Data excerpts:
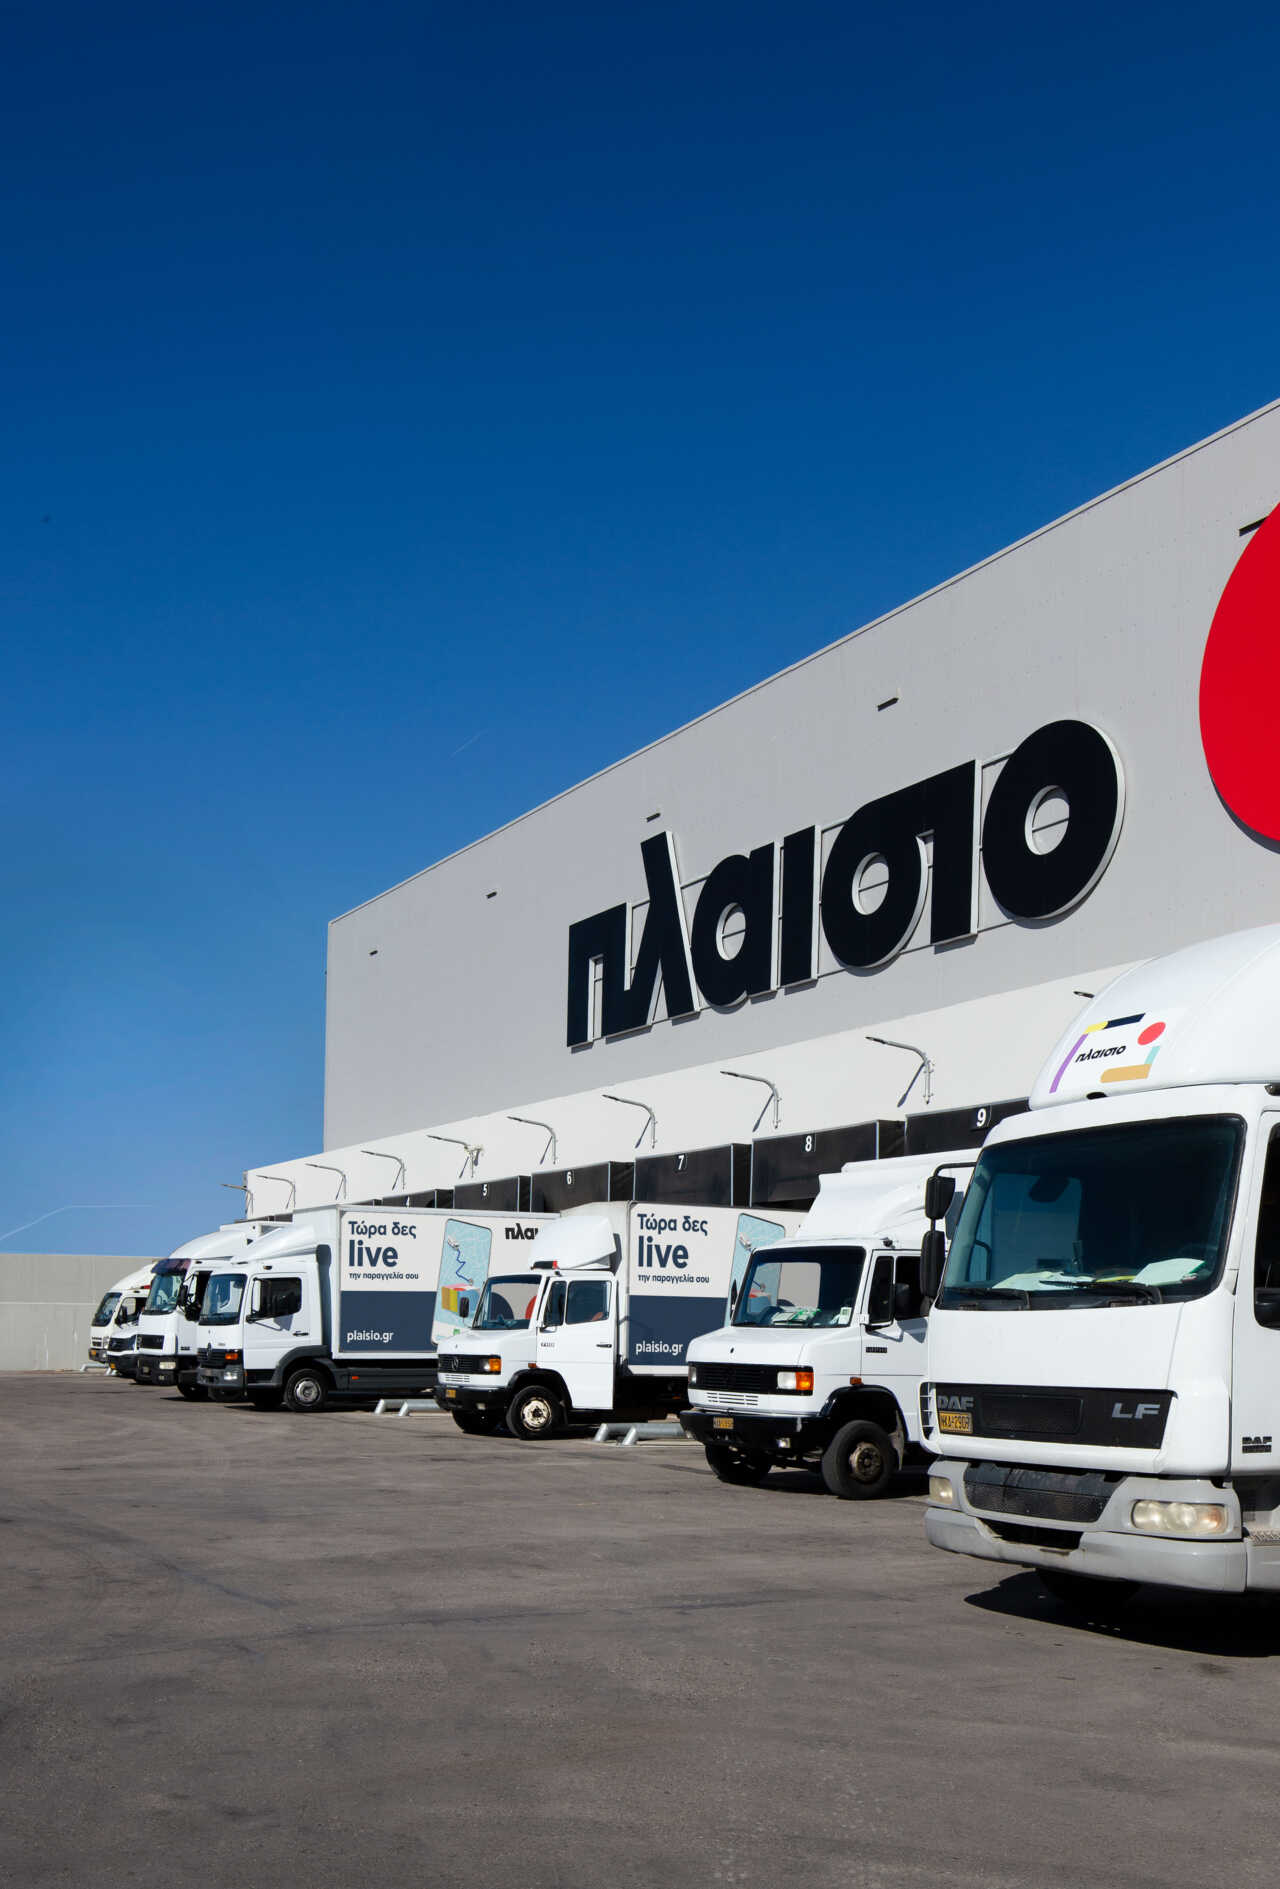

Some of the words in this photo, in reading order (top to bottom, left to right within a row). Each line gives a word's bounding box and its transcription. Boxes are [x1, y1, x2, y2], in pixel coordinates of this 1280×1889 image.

[976, 1108, 987, 1127] 9
[805, 1135, 813, 1153] 8
[677, 1154, 685, 1170] 7
[567, 1171, 573, 1185] 6
[482, 1184, 488, 1197] 5
[348, 1220, 387, 1239] Τώρα
[391, 1221, 417, 1239] δες
[637, 1213, 677, 1234] Τώρα
[682, 1215, 708, 1236] δες
[348, 1239, 399, 1268] live
[637, 1235, 689, 1269] live
[349, 1273, 361, 1281] την
[362, 1272, 404, 1281] παραγγελία
[638, 1274, 650, 1284] την
[652, 1274, 694, 1285] παραγγελία
[695, 1276, 710, 1284] σου
[346, 1329, 394, 1343] plaisio.gr
[635, 1340, 683, 1355] plaisio.gr
[937, 1395, 974, 1410] DAF
[1111, 1402, 1161, 1419] LF
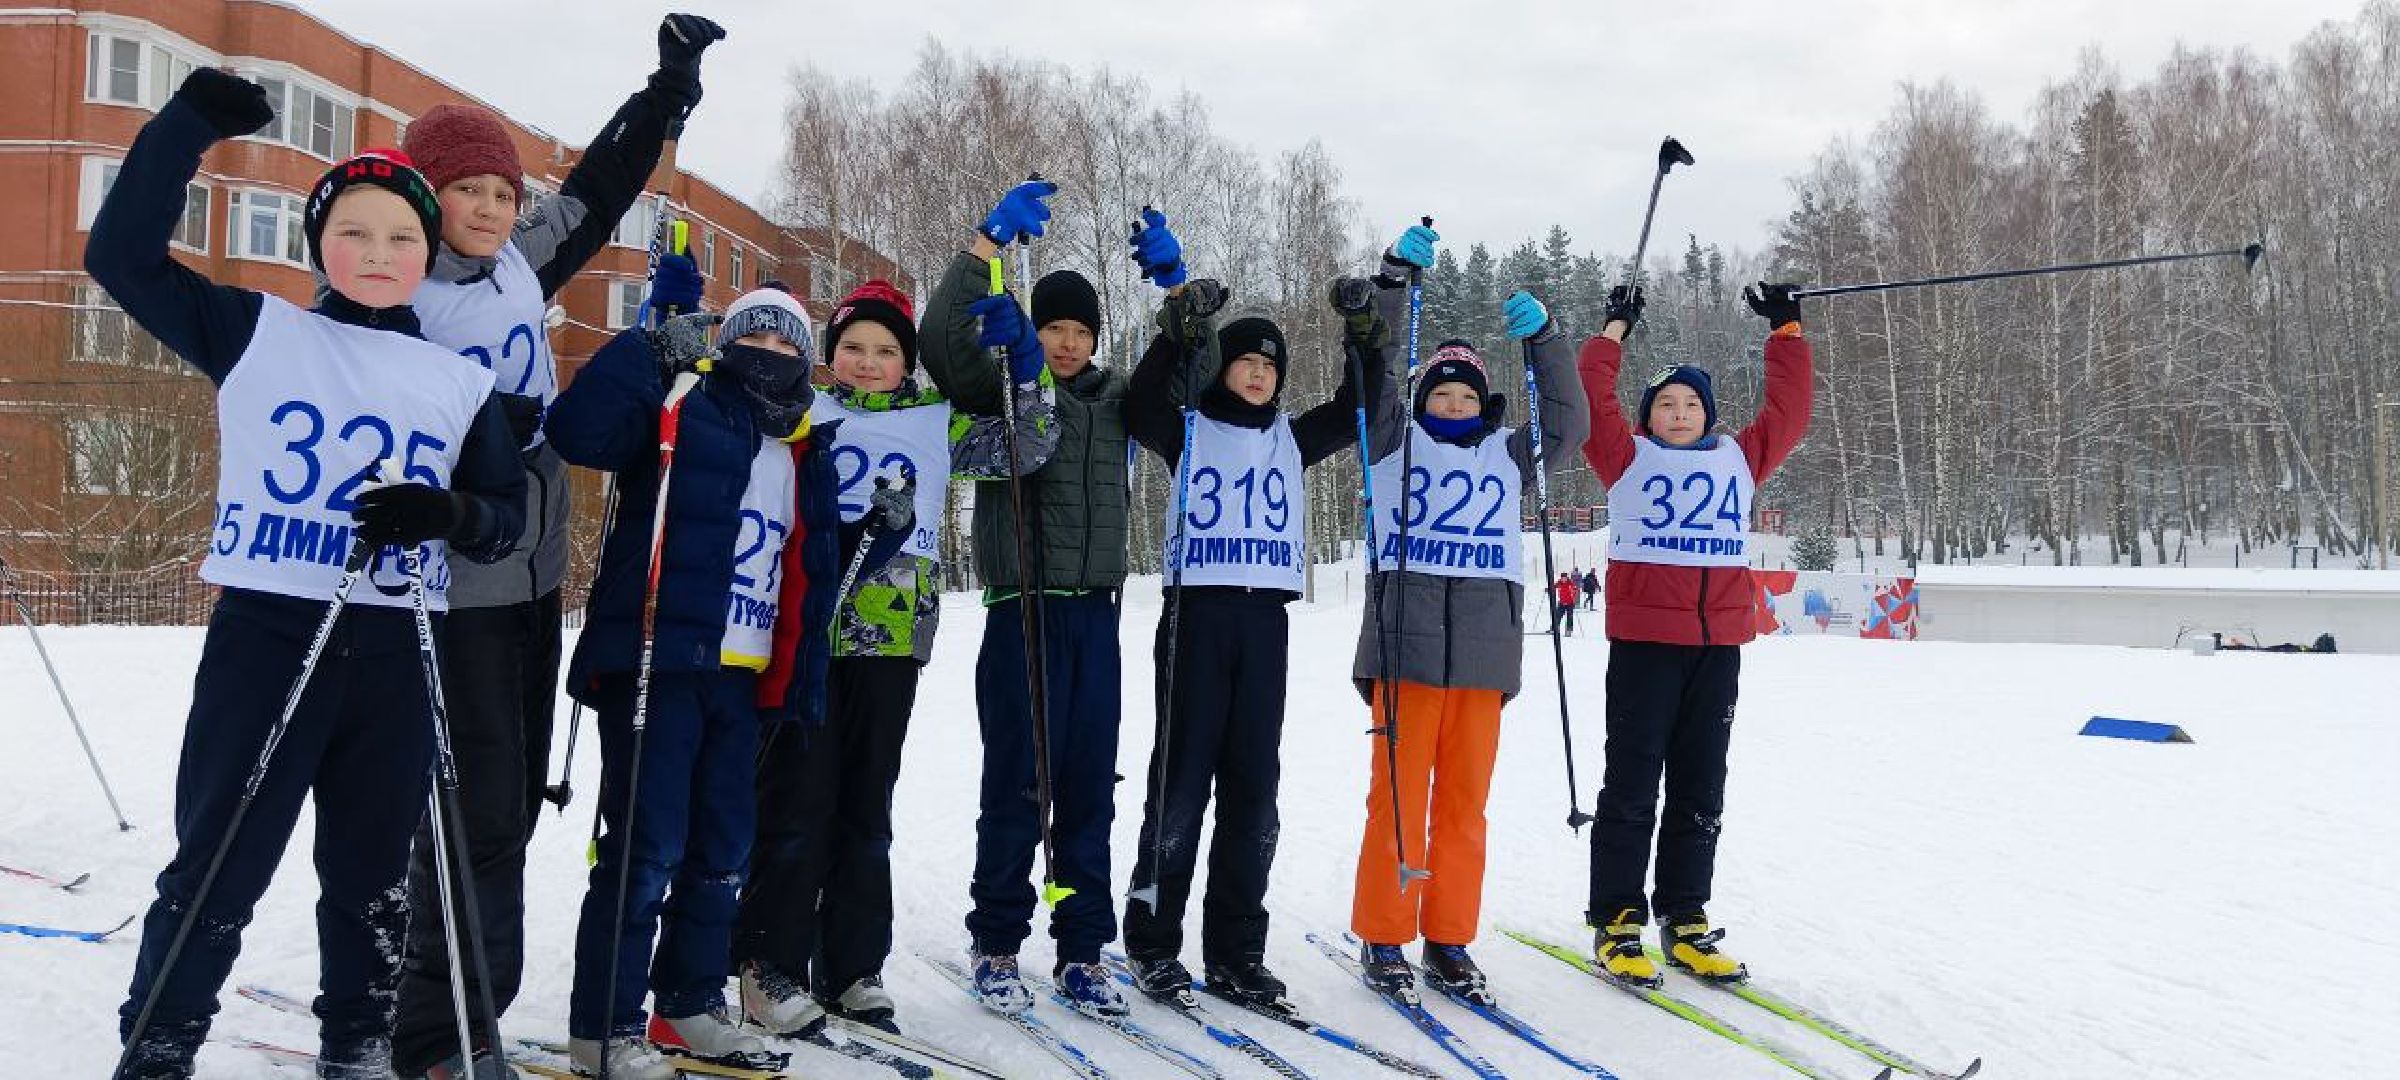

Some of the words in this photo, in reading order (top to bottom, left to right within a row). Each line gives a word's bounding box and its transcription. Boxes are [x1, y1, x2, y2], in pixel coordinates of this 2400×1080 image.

[263, 400, 447, 512] 325
[1187, 466, 1288, 532] 319
[1392, 466, 1506, 537] 322
[1641, 471, 1742, 532] 324
[1185, 537, 1291, 569] ДМИТРОВ
[1380, 532, 1506, 569] ДМИТРОВ
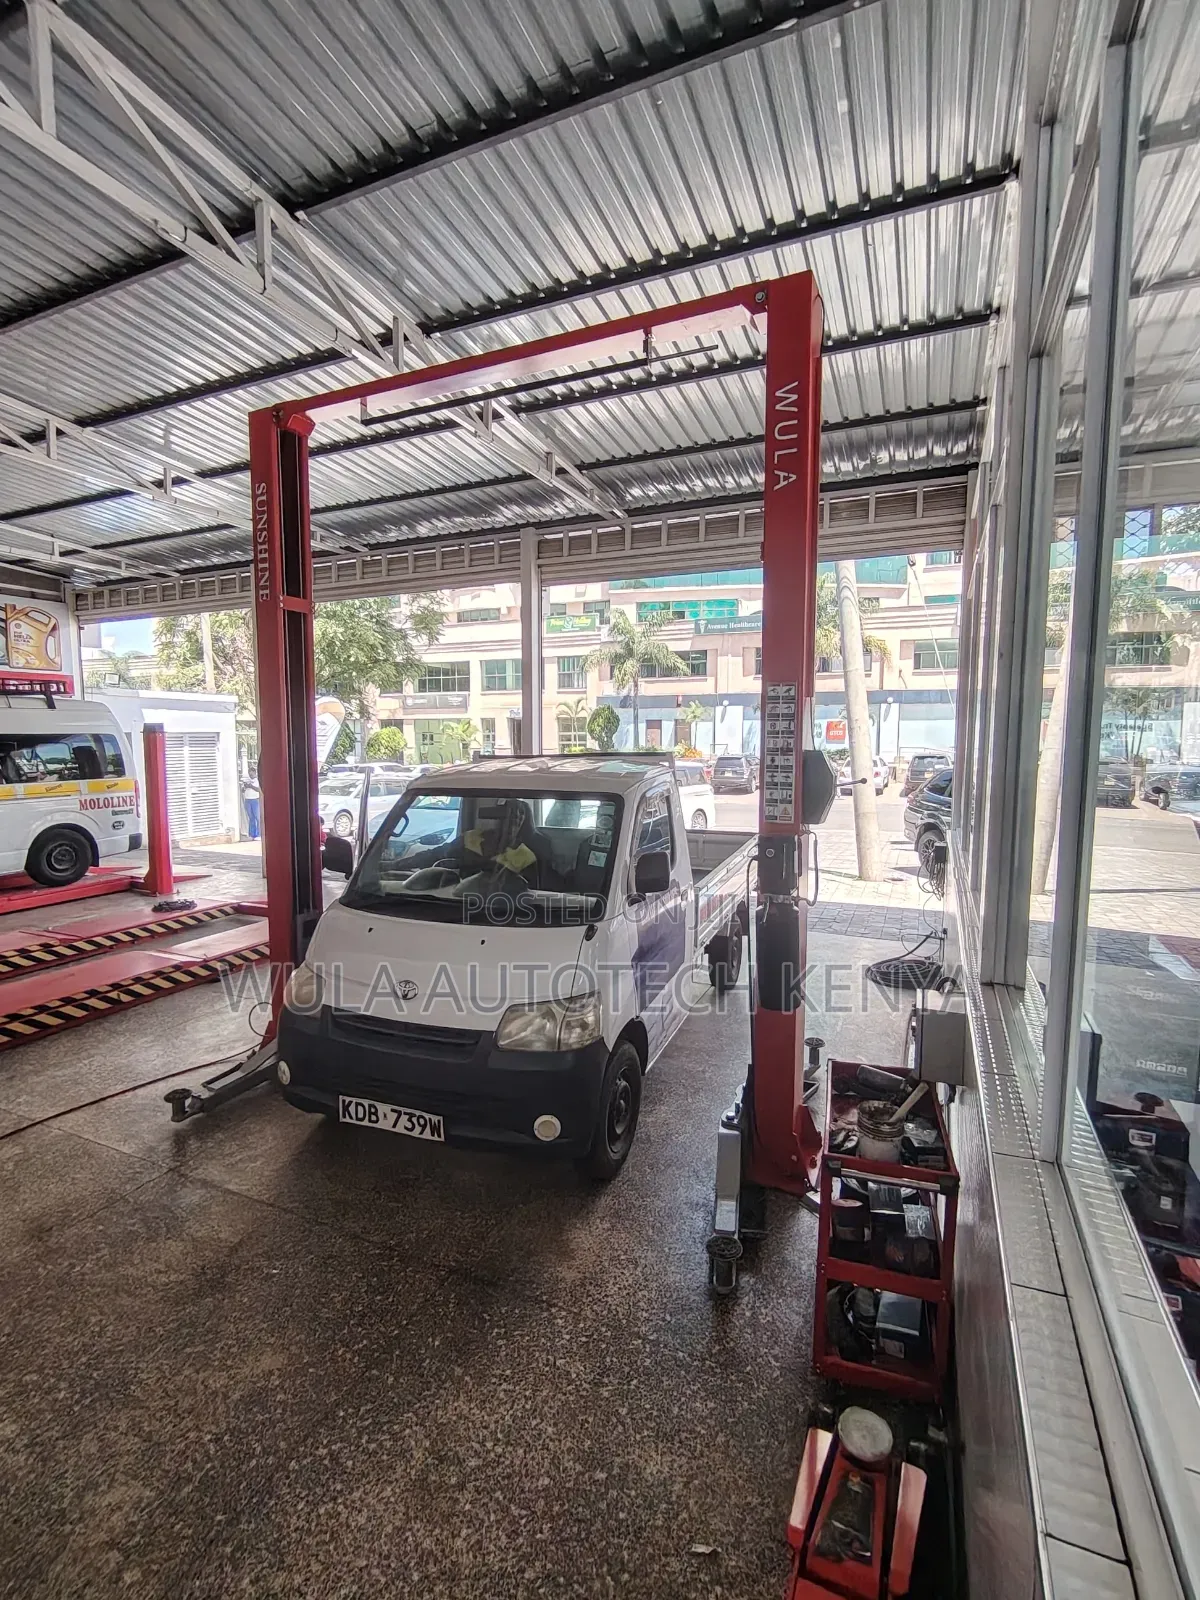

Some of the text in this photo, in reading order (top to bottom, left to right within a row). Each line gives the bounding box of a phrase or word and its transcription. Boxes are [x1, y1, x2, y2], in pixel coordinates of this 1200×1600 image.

[773, 381, 799, 491] WULA
[255, 482, 270, 602] SUNSHINE
[79, 796, 135, 811] MOLOLINE
[341, 1099, 442, 1139] KDB 739W
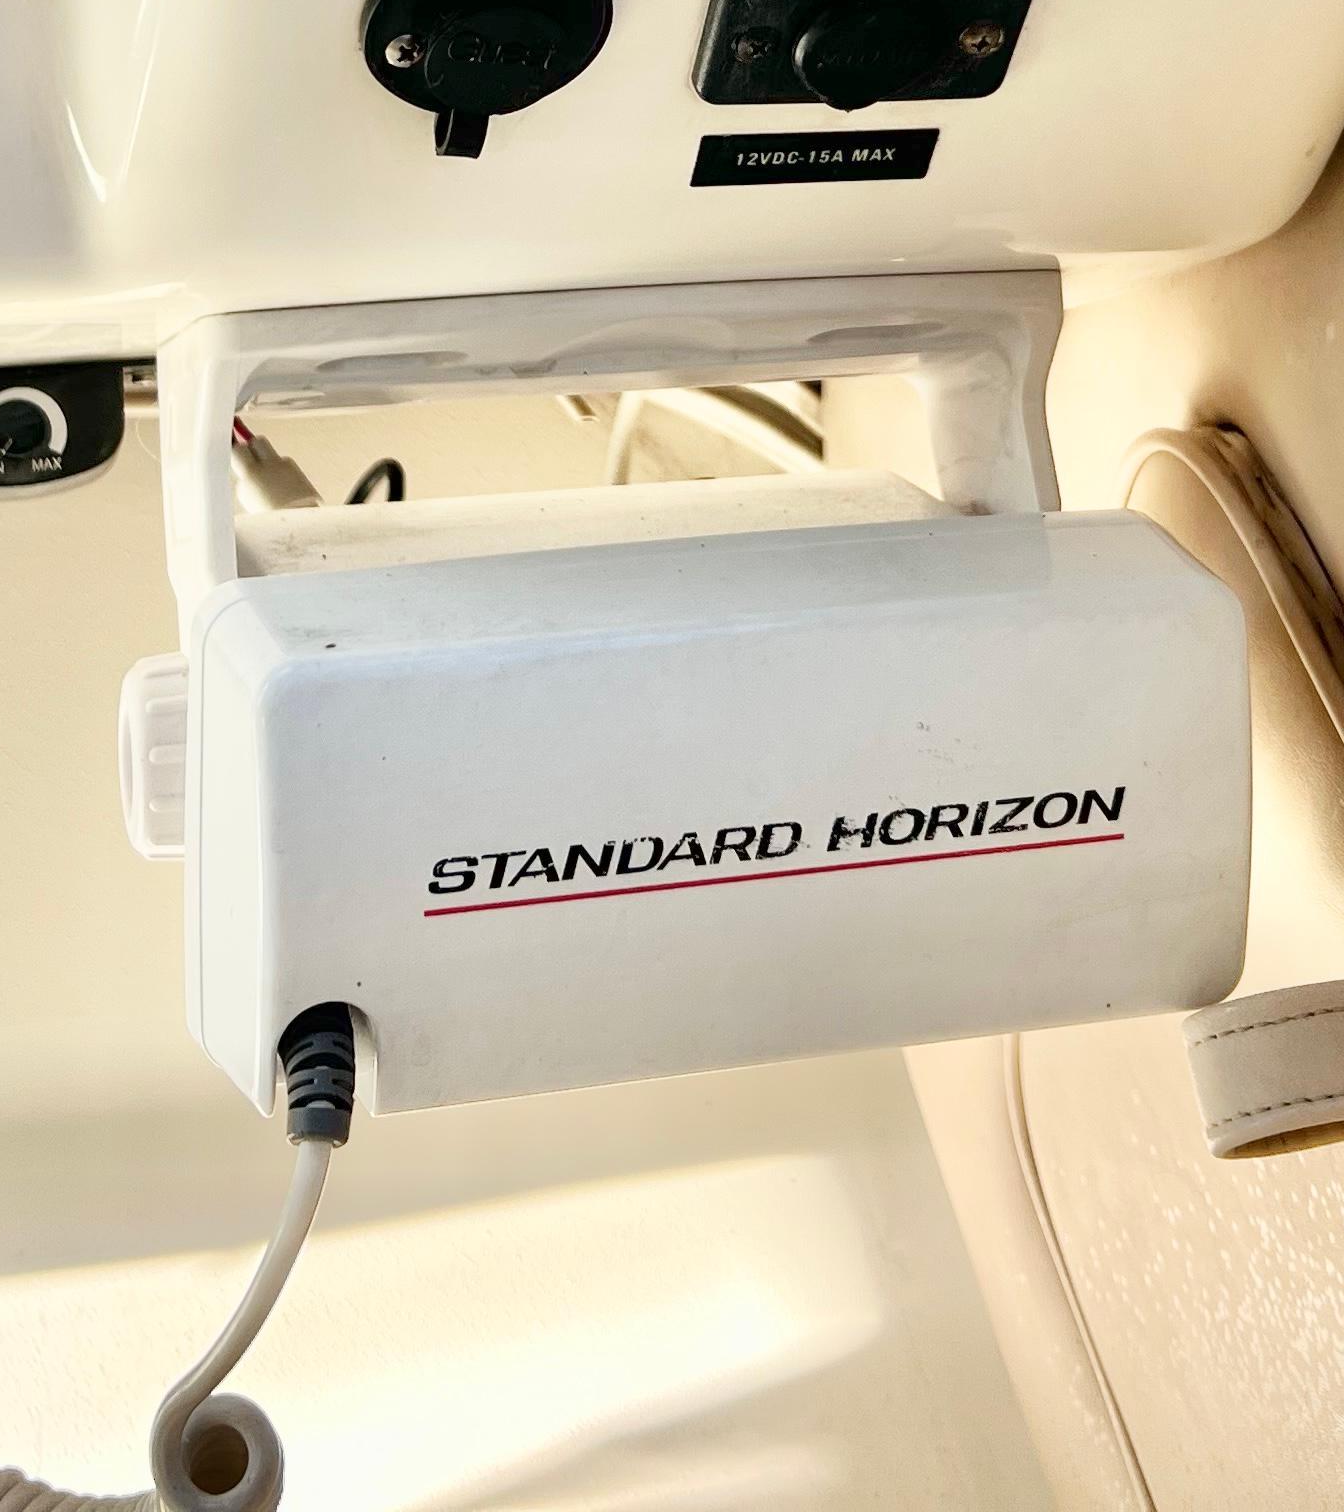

Exercise details -> Output all of the entries once more, word for word, with the images removed.

Response area ->
Some of the words in this photo, in reading order (top to bottom, left to right within a row). Each line gives a word's bounding box and its transcription. Boxes are [x1, y1, x2, y2], in pixel coordinates of this 1280×1889 image.

[976, 1108, 987, 1127] 9
[805, 1135, 813, 1153] 8
[677, 1154, 685, 1170] 7
[567, 1171, 573, 1185] 6
[482, 1184, 488, 1197] 5
[348, 1220, 387, 1239] Τώρα
[391, 1221, 417, 1239] δες
[637, 1213, 677, 1234] Τώρα
[682, 1215, 708, 1236] δες
[348, 1239, 399, 1268] live
[637, 1235, 689, 1269] live
[349, 1273, 361, 1281] την
[362, 1272, 404, 1281] παραγγελία
[638, 1274, 650, 1284] την
[652, 1274, 694, 1285] παραγγελία
[695, 1276, 710, 1284] σου
[346, 1329, 394, 1343] plaisio.gr
[635, 1340, 683, 1355] plaisio.gr
[937, 1395, 974, 1410] DAF
[1111, 1402, 1161, 1419] LF

Some of the words in this photo, in reading order (top to bottom, left to right within a row). Each line gives a word's bounding box and its transcription. Boxes are [x1, y1, x2, y2], in pixel coordinates of this 2400×1080 image.

[263, 400, 447, 512] 325
[1187, 466, 1288, 532] 319
[1392, 466, 1506, 537] 322
[1641, 471, 1742, 532] 324
[1185, 537, 1291, 569] ДМИТРОВ
[1380, 532, 1506, 569] ДМИТРОВ

Some of the text in this photo, in reading order (top to bottom, left to right within a row). Each line gives the bounding box of a phrase or word and its transcription. Boxes are [x1, y1, x2, y2], in pixel coordinates of this 1200×1600 image.

[773, 381, 799, 491] WULA
[255, 482, 270, 602] SUNSHINE
[79, 796, 135, 811] MOLOLINE
[341, 1099, 442, 1139] KDB 739W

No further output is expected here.